24 Julho 2017
No século XIX, o romancista e jornalista francês Edmond About era considerado o Tocqueville dos Estados Papais. Ele tinha uma visão bastante cínica de justiça papal. Hoje, quando recomeça o mais recente julgamento no Vaticano, é interessante voltarmos ao que ele diz. Há também algumas interrogações a respeito do momento em que ocorre este julgamento, além de uma ironia suculenta aguardando ser explorada em torno do nome de um dos advogados de defesa.
O comentário é de John L. Allen Jr., publicado por Crux, 20-07-2017. A tradução é de Isaque Gomes Correa.
No momento em que reabre o mais recente julgamento no Vaticano por atividades financeiras ilegais, ocorreu-me que temos de voltar até os anos de 1800 para encontrar a última vez que um tribunal foi o centro das atenções da maioria dos jornalistas em Roma.
Naquele período, o papa ainda governava uma faixa de território na Itália central conhecida como os Estados Papais, e os julgamentos eram um evento comum. O papa tinha o seu próprio carrasco, sendo o mais famoso o “Mastro Titta”, corruptela da frase italiana “maestro di giustizia”, mestre da justiça.
Esta figura era tão famosa em meados do século XIX que as mães romanas cantavam à noite para crianças: “Sega, sega, Mastro Titta” Segare é o verbo italiano para “serrar”, imagem mental bastante exata.

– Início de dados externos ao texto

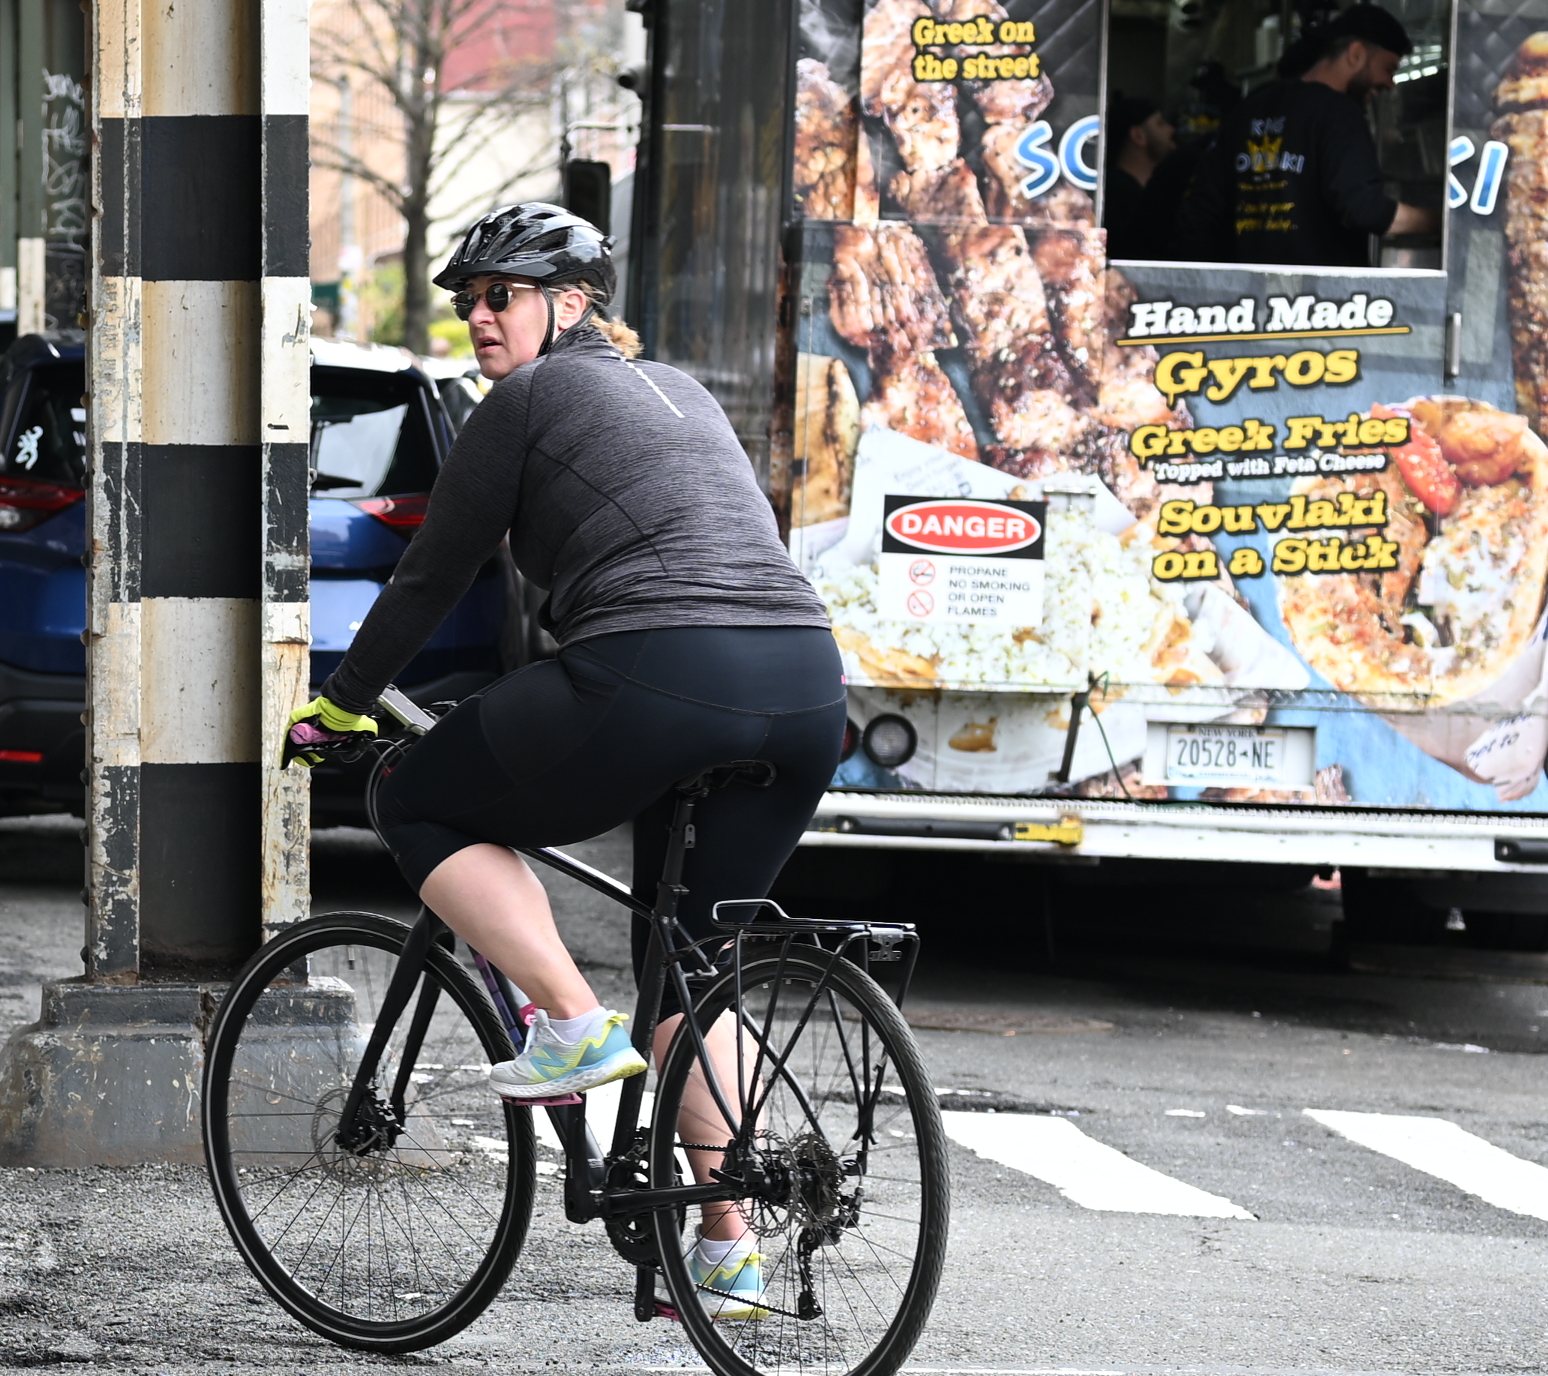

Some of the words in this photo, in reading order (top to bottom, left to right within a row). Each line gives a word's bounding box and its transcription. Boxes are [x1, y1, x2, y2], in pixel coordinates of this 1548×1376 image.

150 aos depois, o Vaticano proibia a pena de morte, e hoje a Igreja é líder mundial no movimento abolicionista. Atualmente, o papa só exerce o poder civil ao longo de 109 acres de território, que constitui A Cidade-Estado do Vaticano.
No entanto, os julgamentos estão de volta após o “Vatileaks” em 2012 e o “Vatileaks 2.0”, em 2016, casos que envolveram o vazamento de documentos confidenciais que levaram à condenação do mordomo papal, no primeiro caso, e de uma mulher que deu à luz durante o processo, no segundo. Hoje estamos tendo o primeiro processo em 2017 sob as novas leis vaticanas para o combate ao crime financeiro.
O Crux cobriu o ato de abertura do julgamento: dois ex-funcionários do Bambino Gesù, hospital pediátrico em Roma mantido pelo Vaticano, chamados Giuseppe Profiti e Massimo Spina, usaram quase meio milhão de dólares do hospital para reformar o apartamento no Vaticano do cardeal italiano Tarcisio Bertone, ex-secretário de Estado durante o reinado do Papa Emérito Bento XVI.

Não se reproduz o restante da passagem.